The Great Western Railway opened its main line between London and Bristol in 1841. During the construction period, an independent company called the Cheltenham and Great Western Union Railway obtained authorisation on 21 June 1836 in the Cheltenham and Great Western Union Railway Act 1836 (6 & 7 Will. 4. c. lxxvii) to make a line from the GWR at Swindon, to Cheltenham by way of Stroud and Gloucester. The estimated cost of construction was £750,000.

As well as the main line between Swindon and Cheltenham, there was to be a branch to Cirencester, terminating at a place there referred to as Botany Bay. A landowner at Kemble, named Robert Gordon, was evidently hostile to the railway, and he secured clauses in the C&GWUR's authorising act of Parliament requiring a tunnel, not needed for engineering purposes, near Kemble. Moreover, the railway was forbidden to open a public station on Gordon's estate. The new line was to be on the broad gauge.

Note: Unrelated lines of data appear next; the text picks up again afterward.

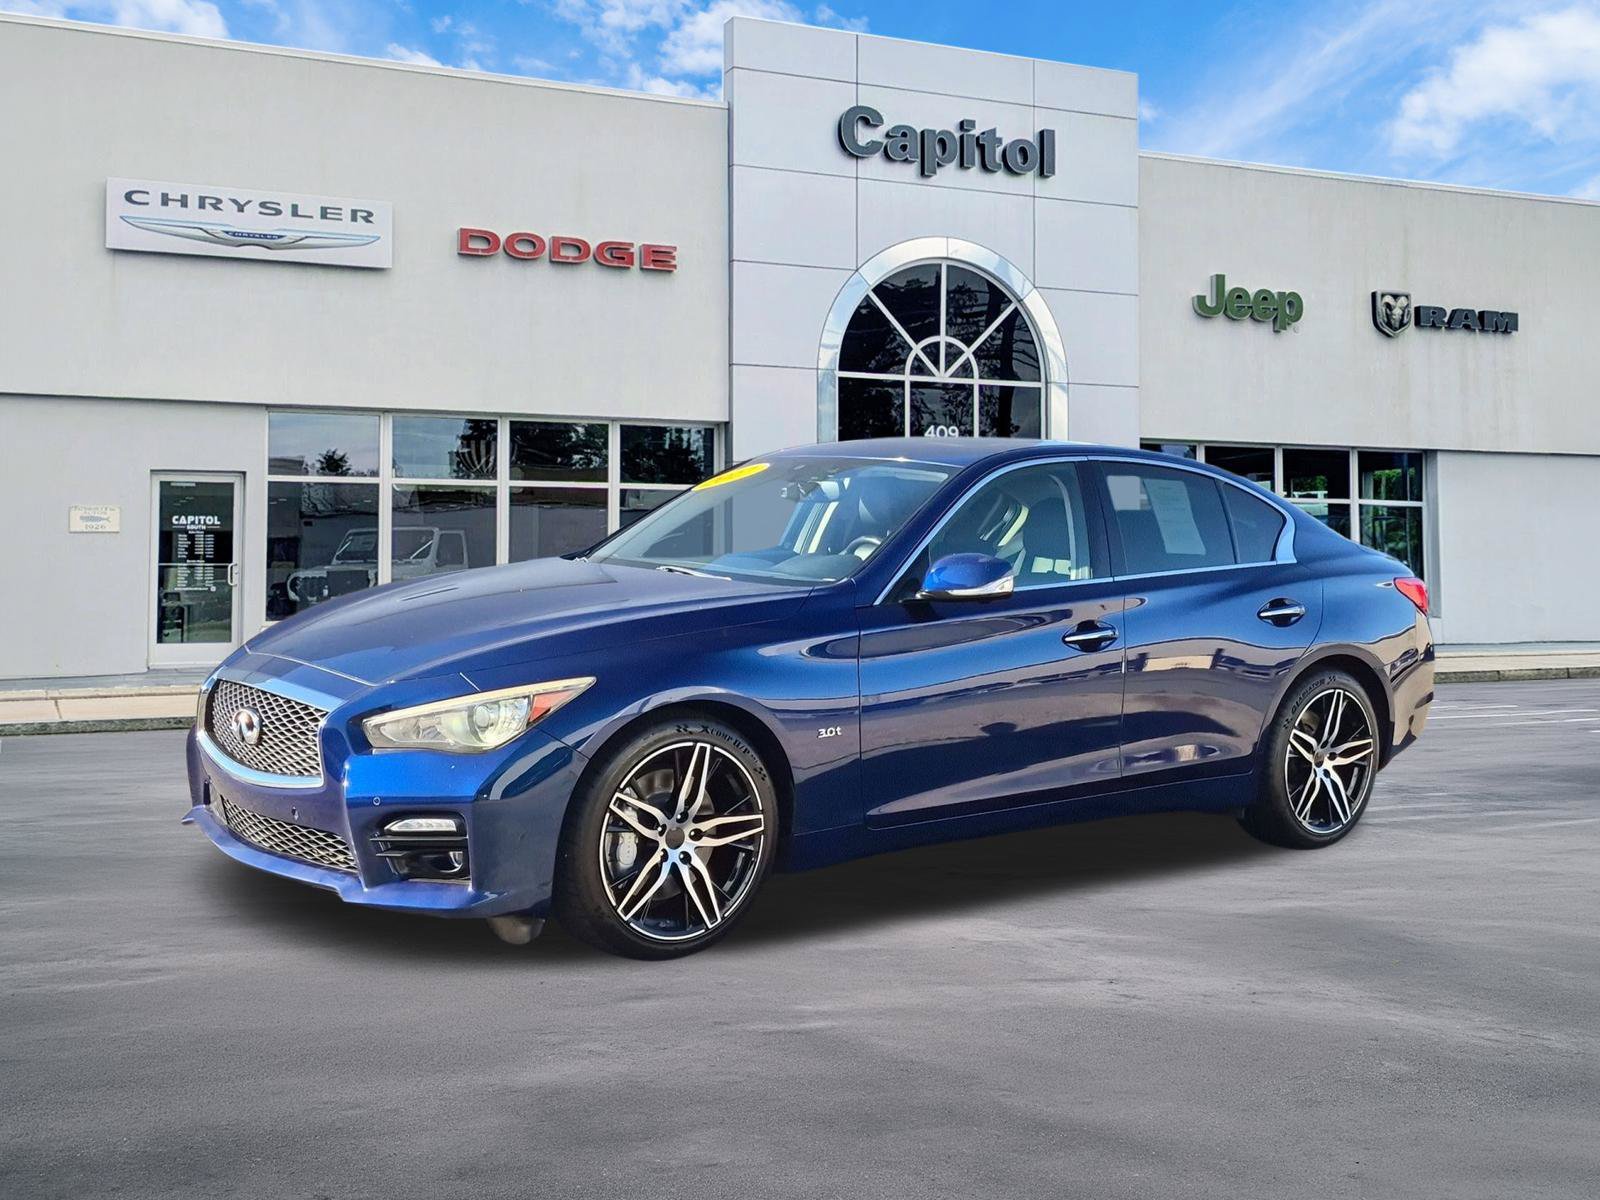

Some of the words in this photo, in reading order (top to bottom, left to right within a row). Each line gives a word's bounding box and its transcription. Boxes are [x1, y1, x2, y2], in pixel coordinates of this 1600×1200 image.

[838, 105, 1056, 177] Capitol
[124, 190, 375, 224] CHRYSLER
[457, 227, 678, 272] DODGE
[1192, 273, 1304, 333] Jeep
[1414, 304, 1519, 333] RAM
[924, 424, 960, 438] 409
[172, 515, 221, 525] CAPITOL

The money market was extremely depressed in the period following authorisation of the line, and subscriptions could not be secured to make material progress on construction. In desperation, the directors determined to construct between Swindon and Cirencester only for the time being, for that would give the best chance of getting an income that would pay a dividend on the outlay. The company arranged a provisional lease with the Great Western Railway, in which the GWR would pay £17,000 annually for the use of the (as yet unbuilt) line.

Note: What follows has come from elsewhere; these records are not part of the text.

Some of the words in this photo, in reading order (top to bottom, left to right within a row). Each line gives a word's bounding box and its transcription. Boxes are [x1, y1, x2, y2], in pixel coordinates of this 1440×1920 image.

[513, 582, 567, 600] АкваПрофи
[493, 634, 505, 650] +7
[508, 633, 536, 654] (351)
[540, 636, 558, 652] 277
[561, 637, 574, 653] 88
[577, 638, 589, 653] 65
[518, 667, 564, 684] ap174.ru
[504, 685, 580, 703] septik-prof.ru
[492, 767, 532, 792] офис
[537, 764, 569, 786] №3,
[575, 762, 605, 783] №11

The Bristol and Gloucester Railway was relying on timely completion of the C&GWUR at the Gloucester and Cheltenham end of the line, and obtained clauses in C&GWUR acts of Parliament pressuring the Cheltenham company to complete at the Gloucester end of the line, and the emphasis on early construction passed to that area. In November 1840 even that work proved impossible to finance, and attention reverted to the Swindon end of the line.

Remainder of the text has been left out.